■ Problem to solve
Your answer should be the records again, unchanged in wording and free of images.

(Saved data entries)

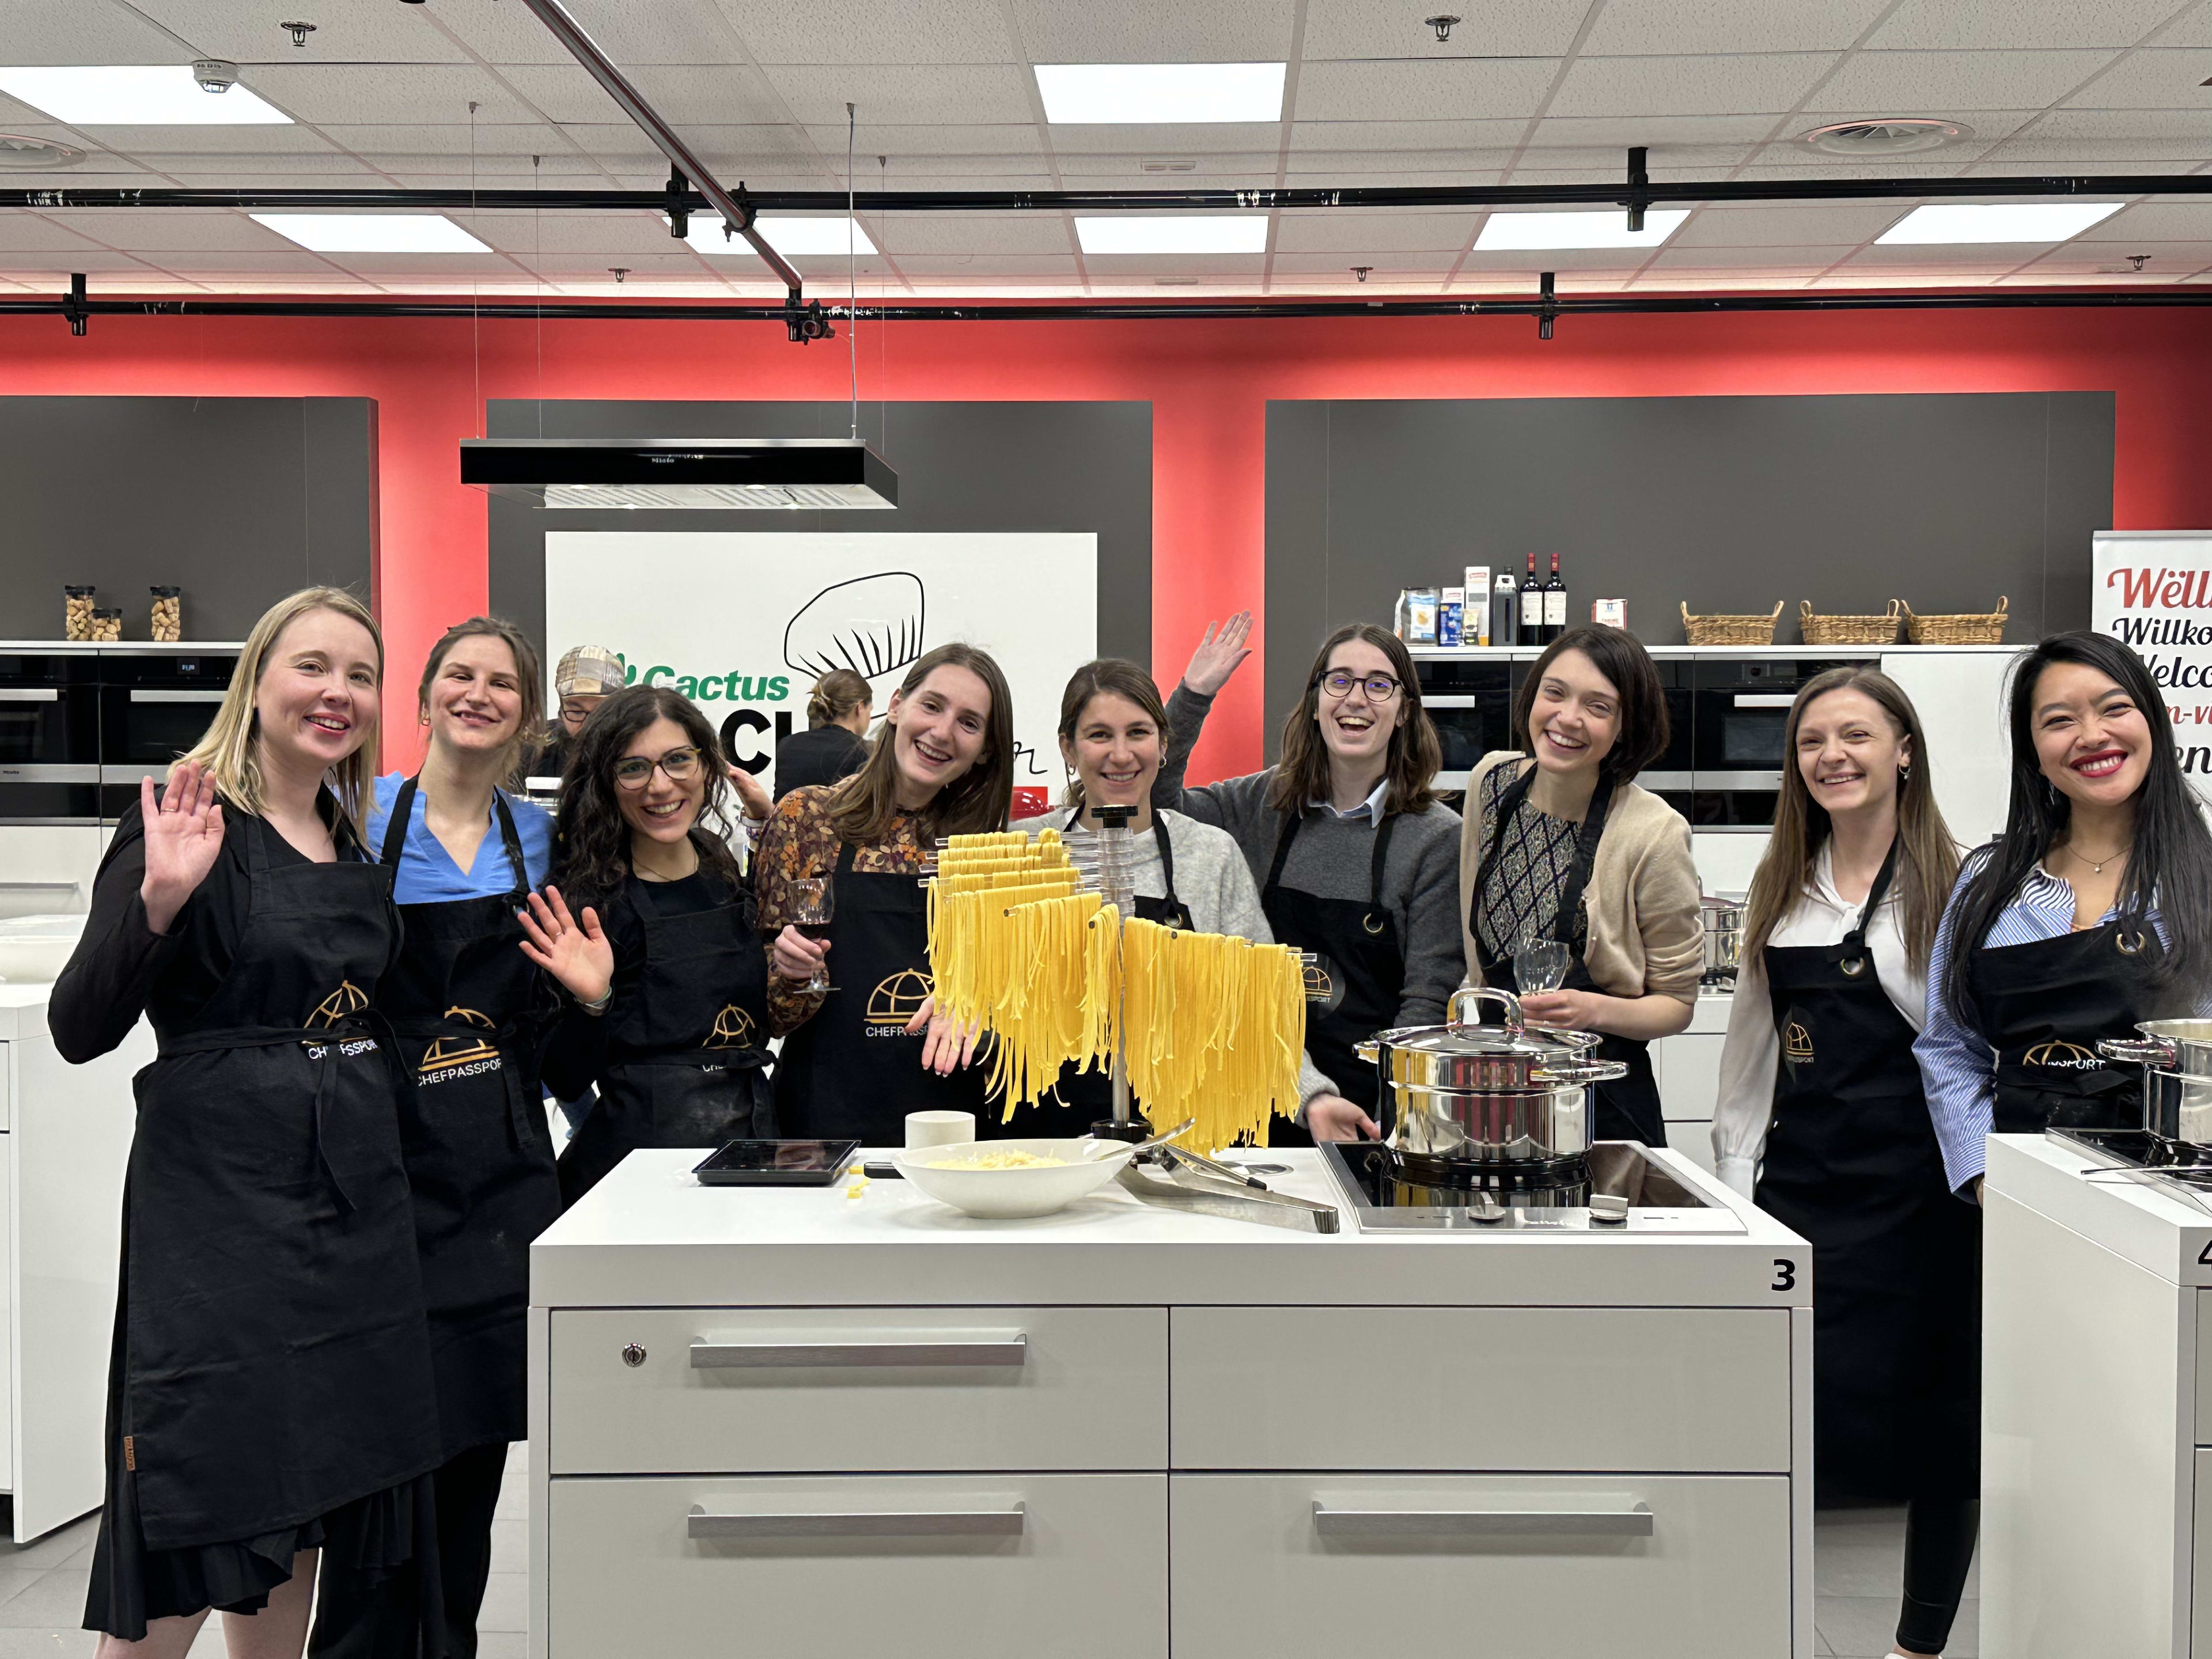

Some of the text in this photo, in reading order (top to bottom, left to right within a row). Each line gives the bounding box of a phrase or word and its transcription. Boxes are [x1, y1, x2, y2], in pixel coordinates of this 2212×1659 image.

[2107, 568, 2212, 608] Wëll
[2112, 618, 2212, 645] Willko
[642, 665, 790, 701] Cactus
[1771, 1259, 1796, 1291] 3
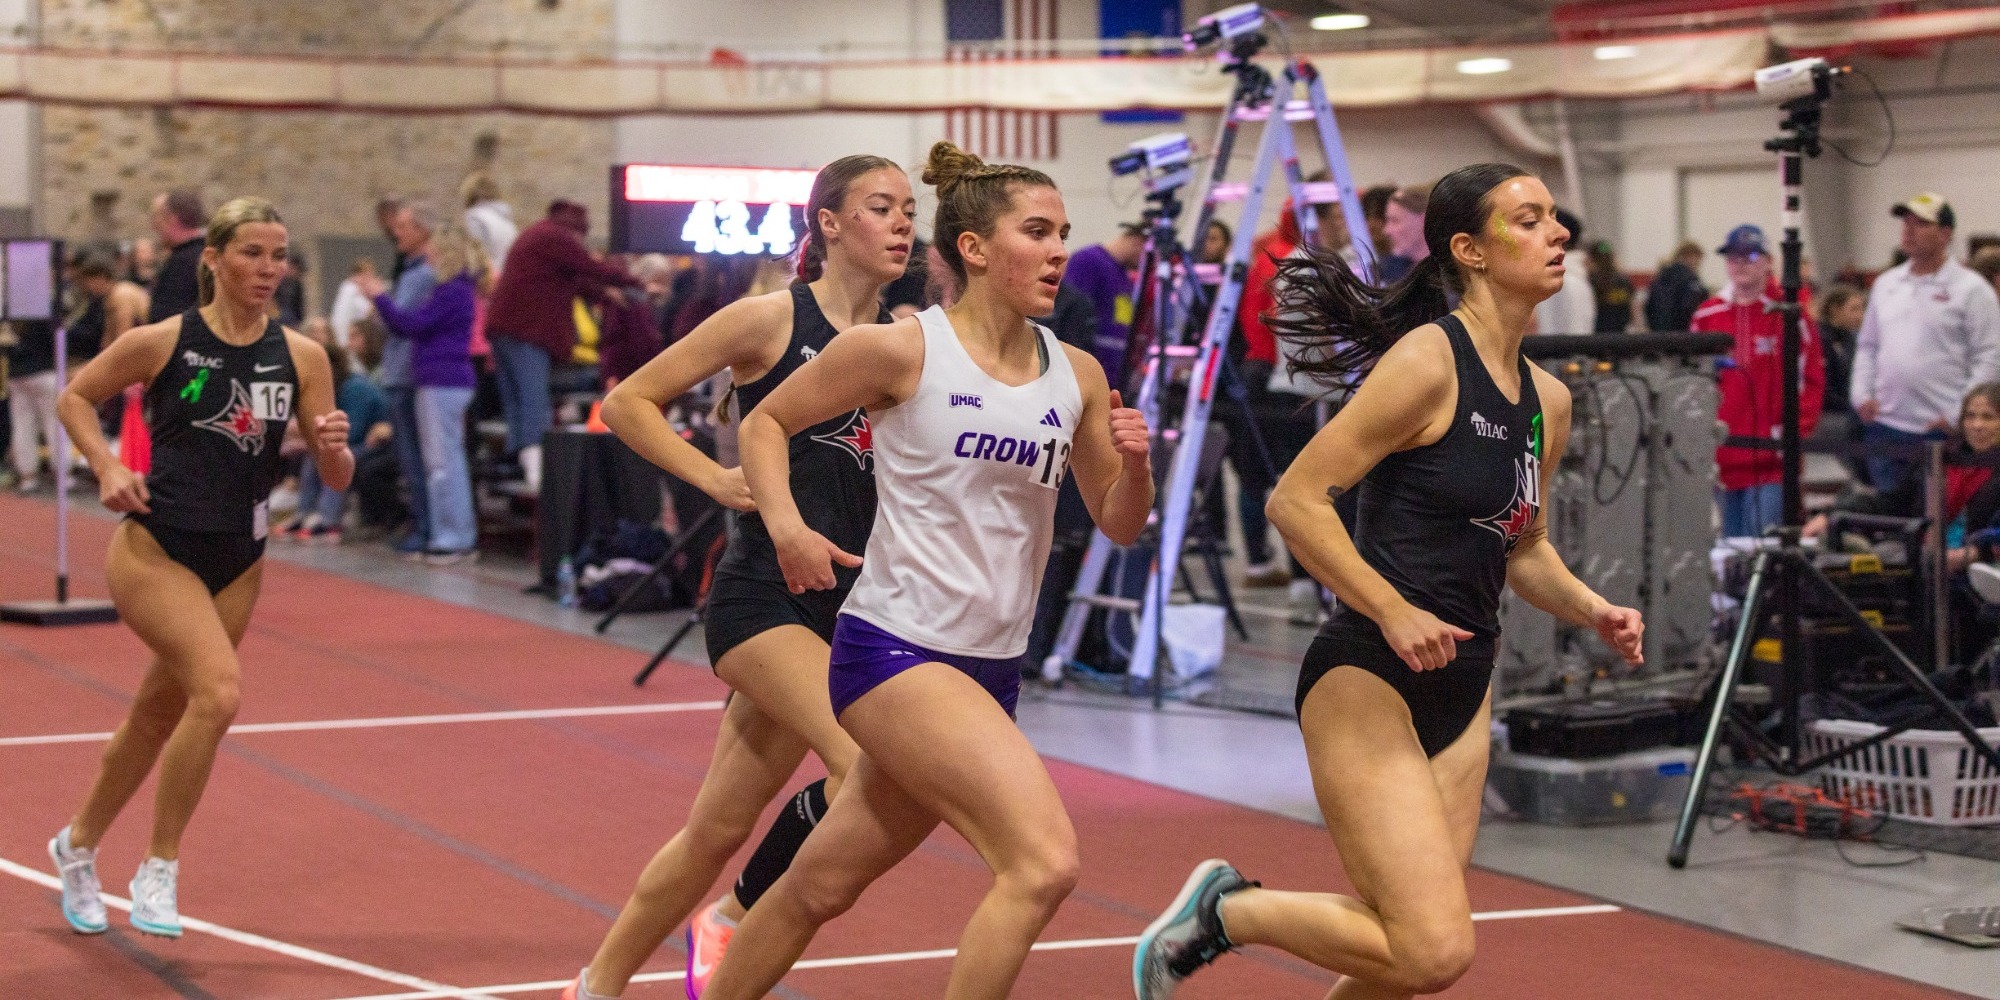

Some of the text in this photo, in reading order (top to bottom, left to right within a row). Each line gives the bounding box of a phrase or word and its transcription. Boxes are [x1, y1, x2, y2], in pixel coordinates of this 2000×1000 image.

■ Task output
Some of the text in this photo, in reading order (top to bottom, left to right within a row). Each line gives the bounding box of a phrase or word and its transcription. Boxes are [x1, y1, x2, y2], in pixel coordinates of this 2212×1659 image.

[2107, 568, 2212, 608] Wëll
[2112, 618, 2212, 645] Willko
[642, 665, 790, 701] Cactus
[1771, 1259, 1796, 1291] 3

Some of the text in this photo, in reading order (top to bottom, left to right within a row). Each line gives the bounding box of a phrase or word and its transcription. Boxes are [x1, y1, x2, y2], in pixel coordinates of this 2000×1000 image.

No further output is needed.